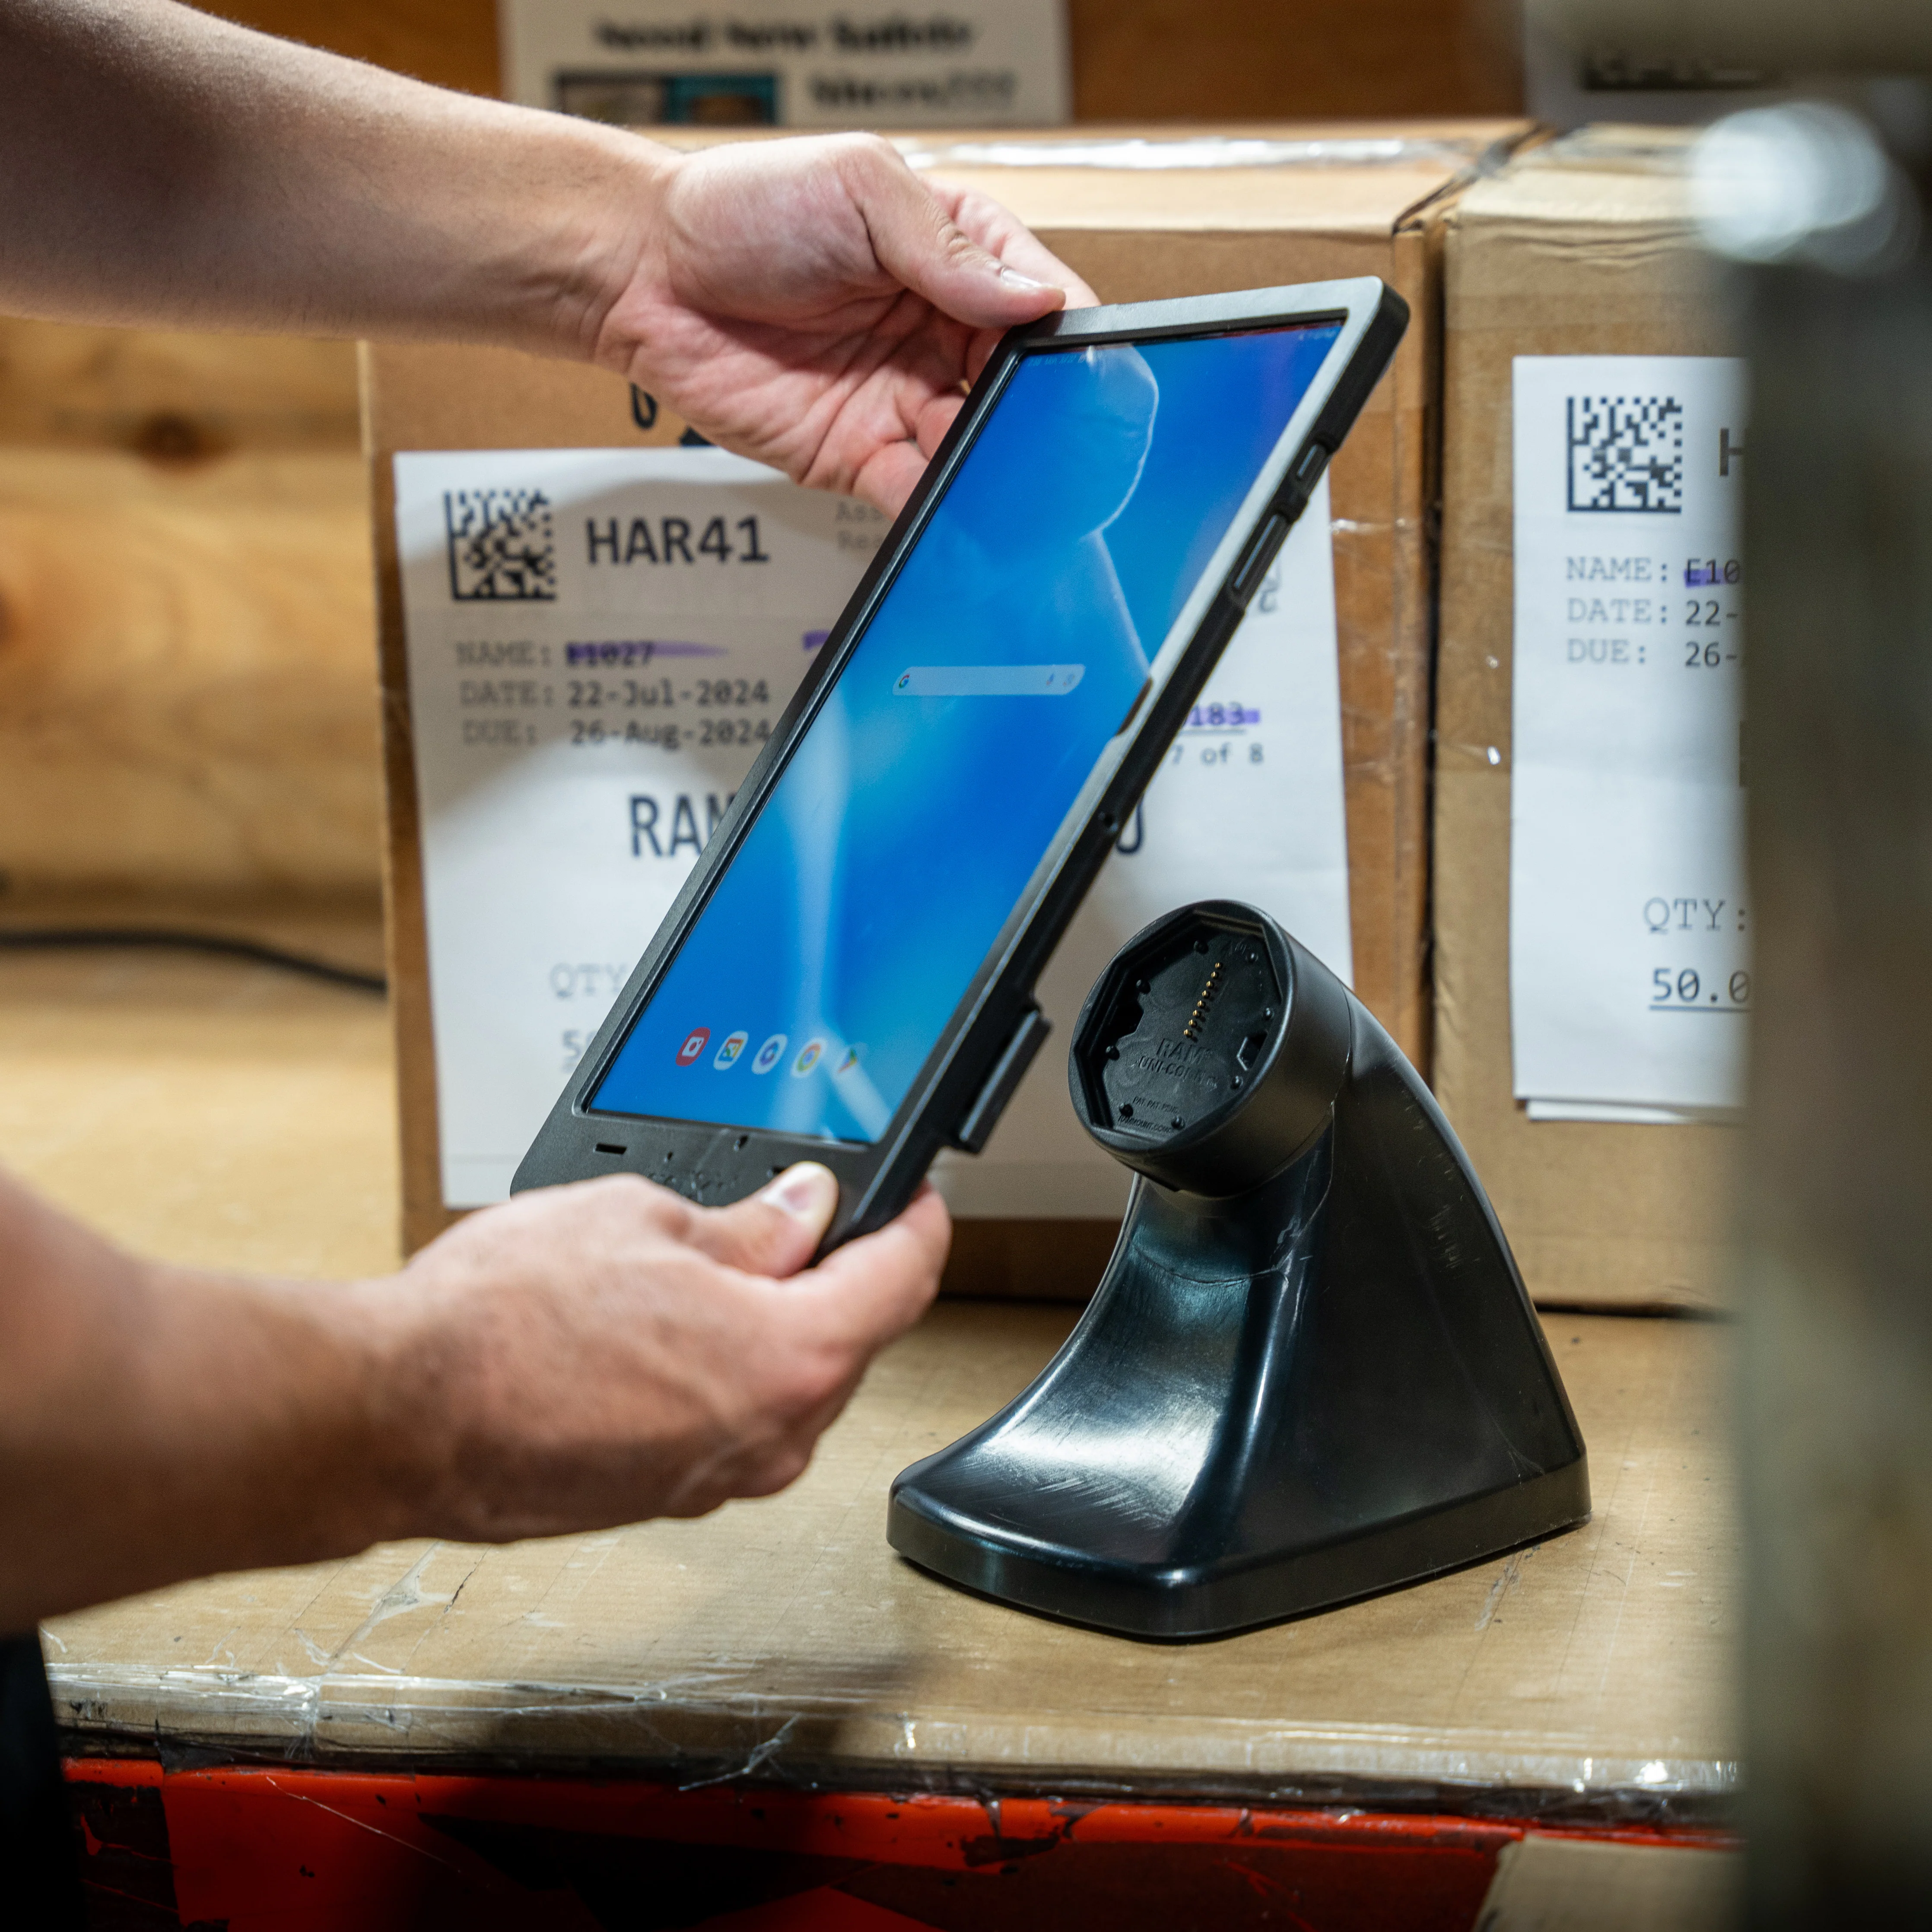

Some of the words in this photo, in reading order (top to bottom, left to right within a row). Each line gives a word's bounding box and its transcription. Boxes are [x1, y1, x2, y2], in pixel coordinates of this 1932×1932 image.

[586, 516, 770, 564] HAR41
[1566, 557, 1667, 580] NAME:
[1567, 598, 1667, 623] DATE:
[1567, 638, 1645, 663] DUE:
[569, 680, 769, 707] 22-Jul-2024
[1183, 702, 1244, 727] 183
[572, 719, 771, 751] 26-Aug-2024
[1644, 897, 1745, 934] QTY:
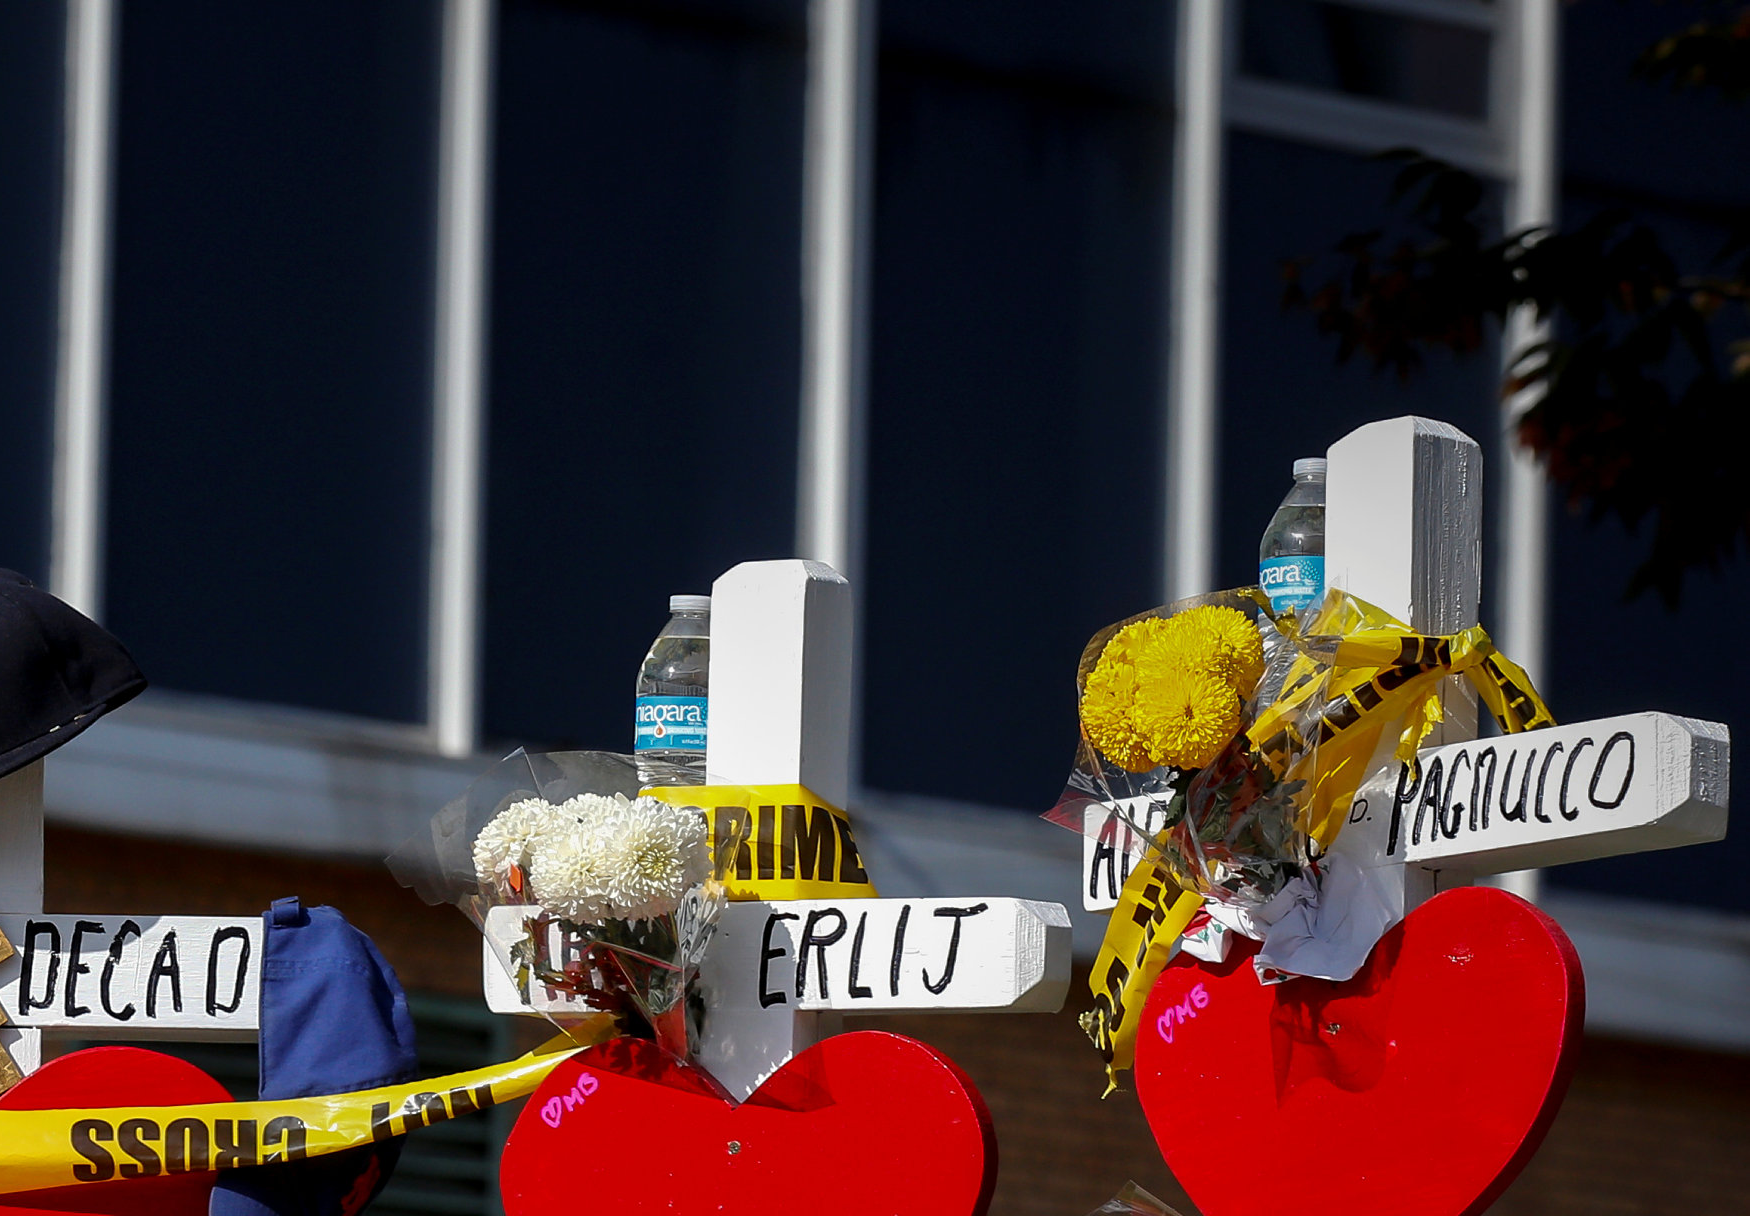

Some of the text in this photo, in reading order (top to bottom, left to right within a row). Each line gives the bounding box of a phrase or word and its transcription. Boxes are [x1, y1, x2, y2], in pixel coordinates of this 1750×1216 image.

::::

Task to carry out
Your task is to retype all the entries exactly and leave out any pictures.

Answer to the exercise
Some of the words in this photo, in reading order (top to bottom, left to right within a row). Each line gives a word's bounding box and its transcription. Boxes are [x1, y1, x2, y2], in pixel coordinates of this 1932×1932 image.

[586, 516, 770, 564] HAR41
[1566, 557, 1667, 580] NAME:
[1567, 598, 1667, 623] DATE:
[1567, 638, 1645, 663] DUE:
[569, 680, 769, 707] 22-Jul-2024
[1183, 702, 1244, 727] 183
[572, 719, 771, 751] 26-Aug-2024
[1644, 897, 1745, 934] QTY:

Some of the text in this photo, in reading order (top to bottom, left to right within a row). Each line gives the bounding box of a phrase or word and its transcription. Boxes are [x1, y1, x2, y2], in pixel coordinates of this 1750×1216 image.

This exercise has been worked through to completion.